Hooke's Law The Physics of Springs

Key Questions Where does Hooke's Law come from? What does Hooke's Law say about springs? How does Hooke's Law relate to the conservation of energy?

Where Does Hooke's Law Come From? Robert Hooke was an English scientist studying all aspects of science (from physics, to biology, to chemistry) He discovered and created during the 17th century Famous saying is (in latin): “Ut tensio, sic vis” “As the extension, so the force”

What Does Hooke's Law Say About Springs?
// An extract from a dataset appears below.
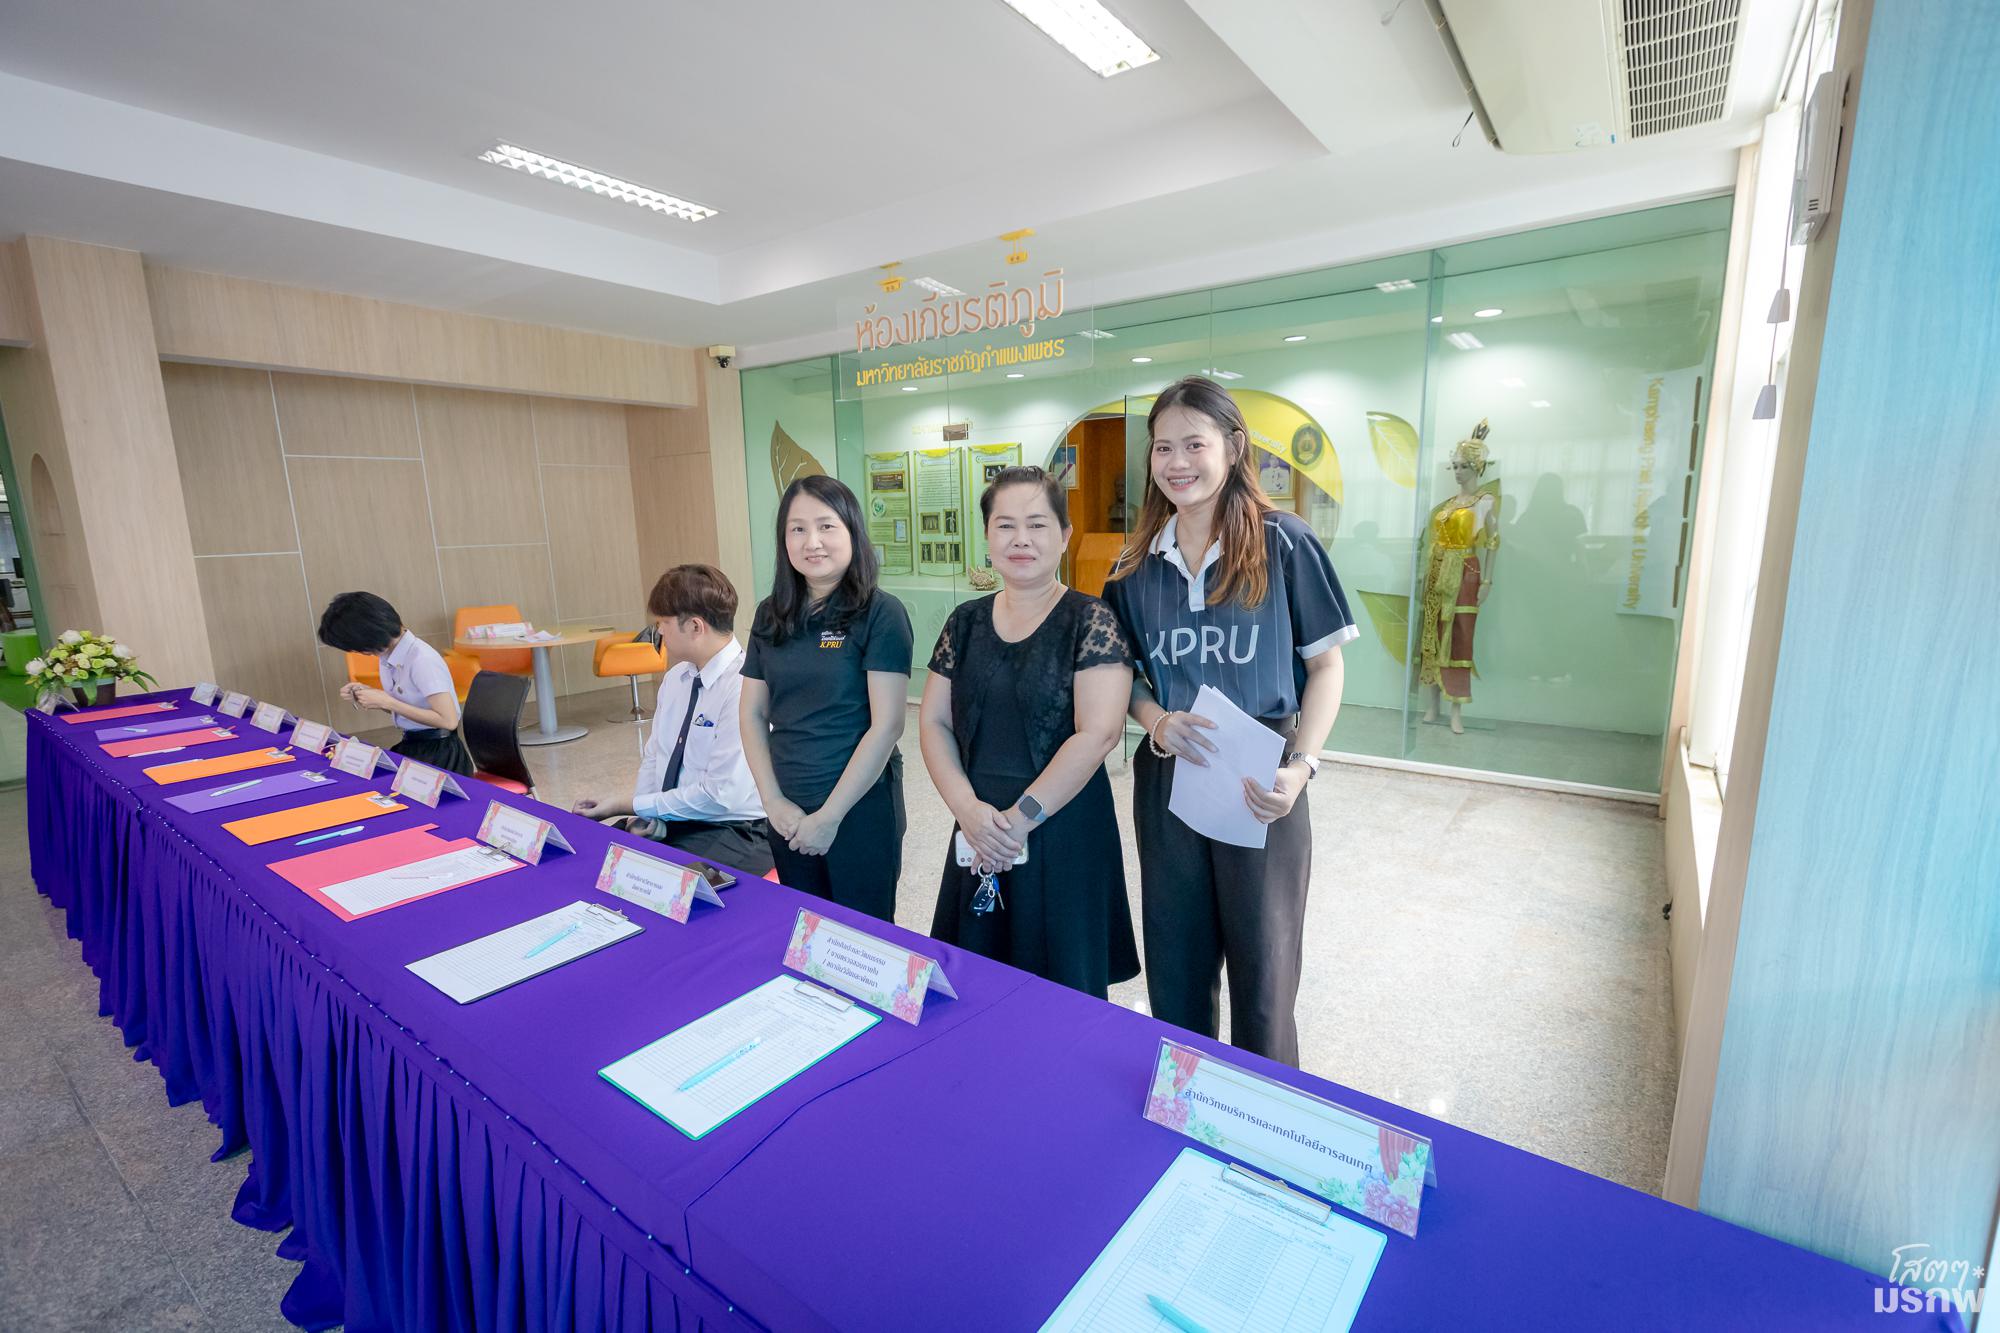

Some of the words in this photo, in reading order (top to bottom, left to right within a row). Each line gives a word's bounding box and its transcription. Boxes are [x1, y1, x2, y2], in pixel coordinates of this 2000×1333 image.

[1146, 624, 1260, 665] KPRU
[1184, 1087, 1373, 1173] สำนักวิทยบริการและเทคโนโลยีสารสนเทศ
Hooke's Law says this: F = kx F = Force (Newtons) k = Spring Constant (N/m) x = Displacement (meters)

What Does This Mean? To summarize his formula, Hooke deduced that every spring has a “spring constant” This spring constant is a number that tells us how rigid or loose the spring is The force exerted on the spring to stretch it or compress it is equal to the spring constant times how far it stretched or compressed, in meters.

Practice With Hooke's Law How much force is required to move a spring that has a constant of 50 N/m .1 meters? What must be the weight of an object that compresses a spring .5 m if the spring has a constant of 20 N/m? **What is the spring constant of a spring that compresses by .25 m under a force of 1 N?

Elastic Potential Energy Elastic Potential Energy is the energy stored in objects such as springs or rubber bands as they compress. Like all energy, its units are in Joules (J) The equation for Elastic Potential Energy is: EPE = (½)kx² k = spring constant (N/m) x = distance spring is compressed from equilibruim

Practice With EPE **Don't confuse EPE with Gravitational Potential Energy from last unit. Potential energy given to an object by lifting it is often abbreviated as GPE** How much EPE does a spring have if its constant is 45 N/m and it is compressed .5 m? How much EPE does a spring have if its constant is 20 N/m and it is compressed 1 m?